# What you are asked to do:
Emit the line that holds "Some of the text" and all lines following it through the end of the data, verbatim, and nothing else.

# The data:

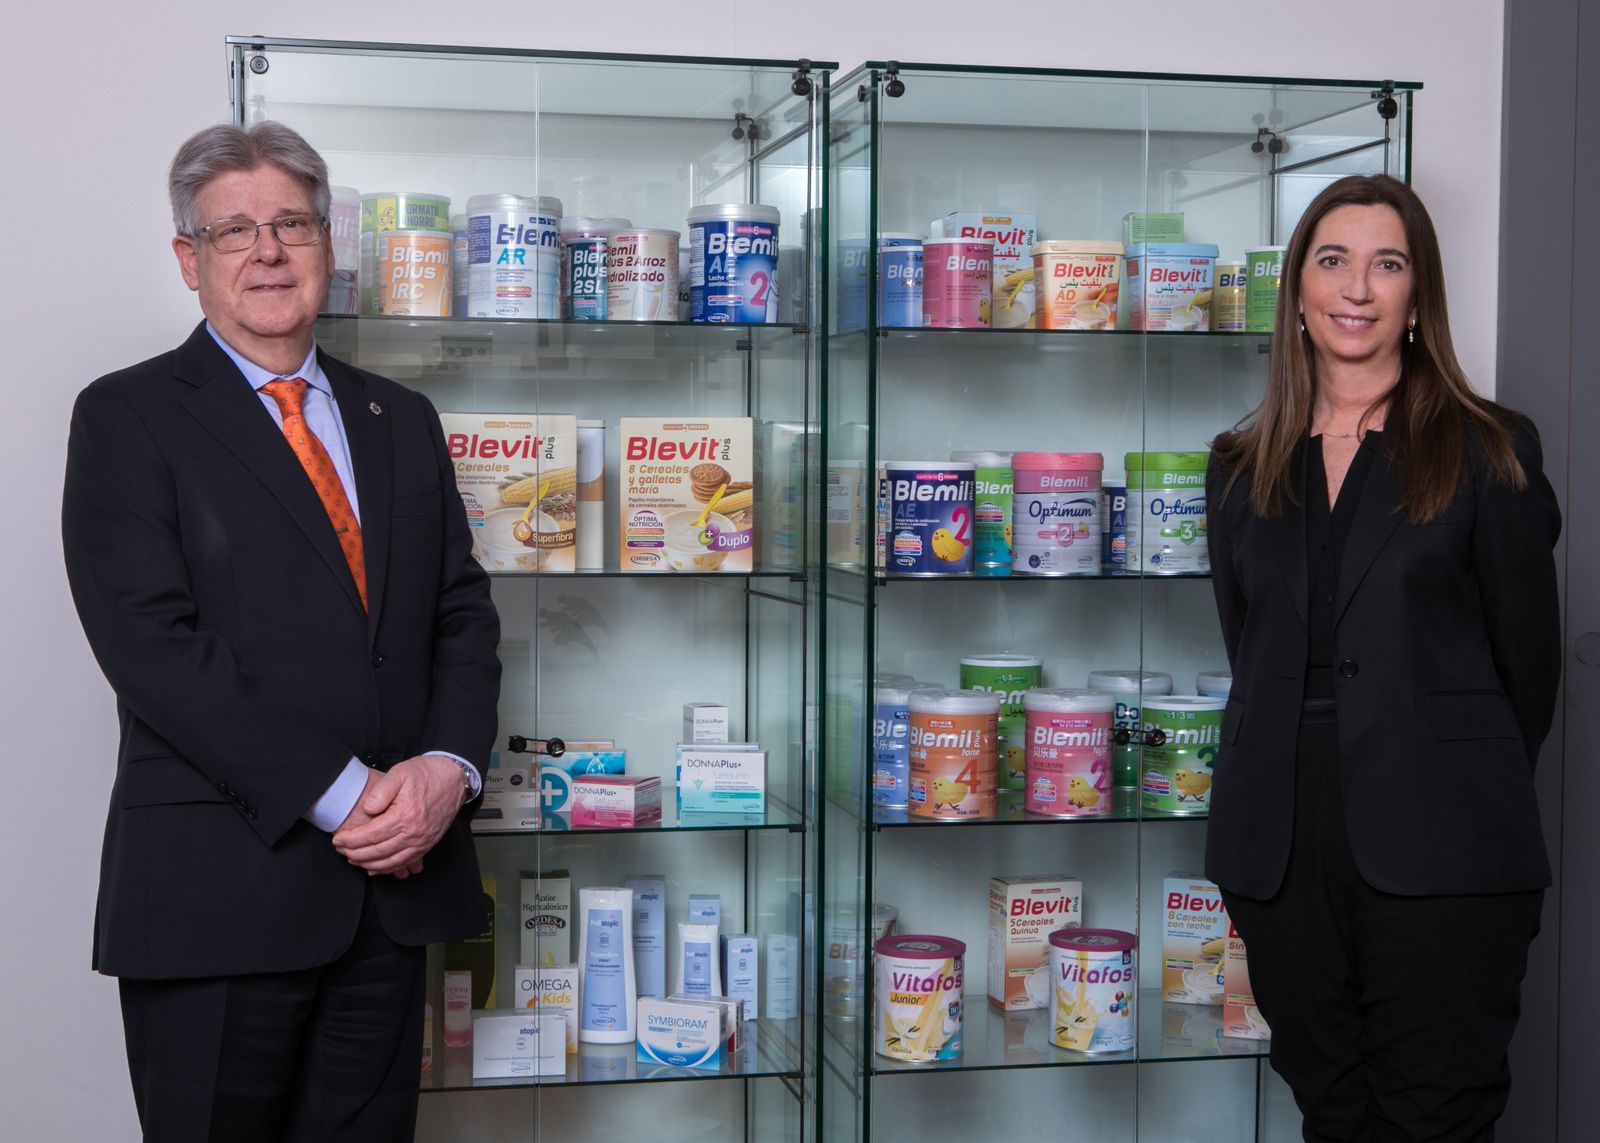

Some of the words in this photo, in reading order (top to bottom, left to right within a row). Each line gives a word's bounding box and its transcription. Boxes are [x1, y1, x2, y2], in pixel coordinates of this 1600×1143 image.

[404, 204, 439, 217] ORMATO
[404, 215, 435, 227] HORRO
[708, 233, 779, 257] Blemil
[392, 246, 449, 264] Blemil
[497, 248, 526, 265] AR
[625, 256, 634, 267] 2
[634, 256, 666, 268] Arroz
[392, 266, 436, 283] plus
[1054, 263, 1108, 278] Blevit
[1149, 268, 1202, 283] Blevit
[392, 283, 425, 299] IRC
[574, 279, 605, 294] 2SL
[750, 271, 769, 306] 2
[1055, 289, 1077, 301] AD
[447, 433, 544, 460] Blevit
[544, 436, 556, 460] plus
[626, 436, 720, 461] Blevit
[721, 438, 732, 461] plus
[457, 462, 511, 473] Cereales
[628, 464, 635, 474] 8
[640, 464, 689, 474] Cereales
[628, 476, 635, 487] y
[639, 474, 682, 487] galletas
[976, 481, 1014, 495] Blem
[1040, 477, 1084, 488] Blemil
[628, 485, 659, 495] maría
[894, 480, 969, 502] Blemil
[895, 503, 917, 518] AE
[1029, 500, 1093, 524] Optimum
[952, 506, 971, 547] 2
[1181, 524, 1193, 540] 3
[532, 532, 574, 544] Superfibra
[718, 534, 750, 549] Duplo
[1058, 527, 1071, 542] 2
[910, 726, 973, 748] Blemil
[1033, 726, 1103, 747] Blemil
[954, 759, 982, 795] 4
[1090, 758, 1108, 795] 2
[1010, 896, 1073, 917] Blevit
[1167, 892, 1226, 913] Blevi
[1010, 918, 1016, 928] 5
[1016, 917, 1055, 927] Cereales
[1168, 910, 1176, 920] 8
[1176, 912, 1218, 924] Cereales
[1186, 922, 1212, 931] leche
[1060, 962, 1133, 985] Vitafos
[520, 979, 572, 991] OMEGA
[892, 972, 963, 994] Vitafos
[542, 992, 572, 1004] Kids
[890, 993, 922, 1006] Junior
[647, 1015, 708, 1030] SYMBIORAM
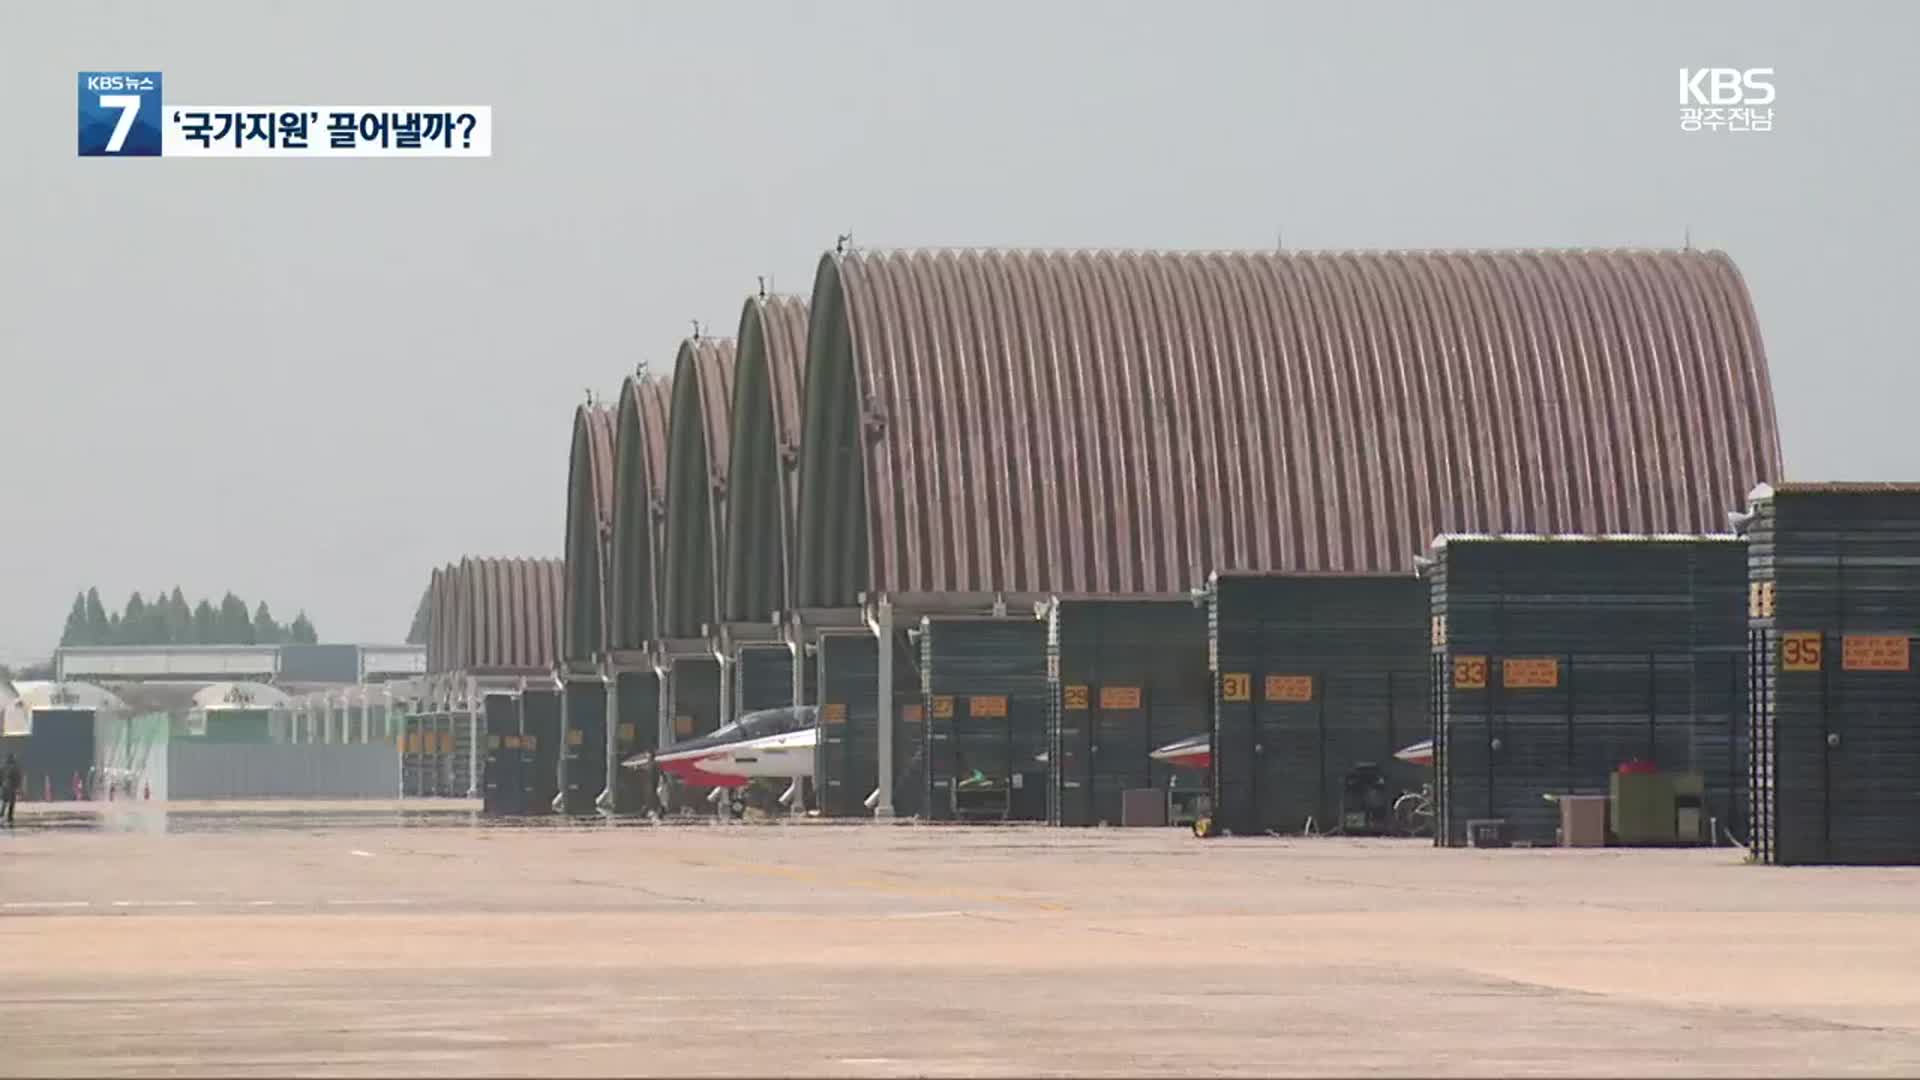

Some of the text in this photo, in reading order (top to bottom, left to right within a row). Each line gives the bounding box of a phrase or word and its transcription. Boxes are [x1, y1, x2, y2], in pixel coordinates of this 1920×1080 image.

[1784, 638, 1819, 665] 35
[1455, 662, 1485, 683] 33
[1224, 678, 1246, 697] 31

# Exercise result:
Some of the text in this photo, in reading order (top to bottom, left to right within a row). Each line gives the bounding box of a phrase or word and its transcription. Boxes are [x1, y1, x2, y2], in pixel coordinates of this 1920×1080 image.

[1784, 638, 1819, 665] 35
[1455, 662, 1485, 683] 33
[1224, 678, 1246, 697] 31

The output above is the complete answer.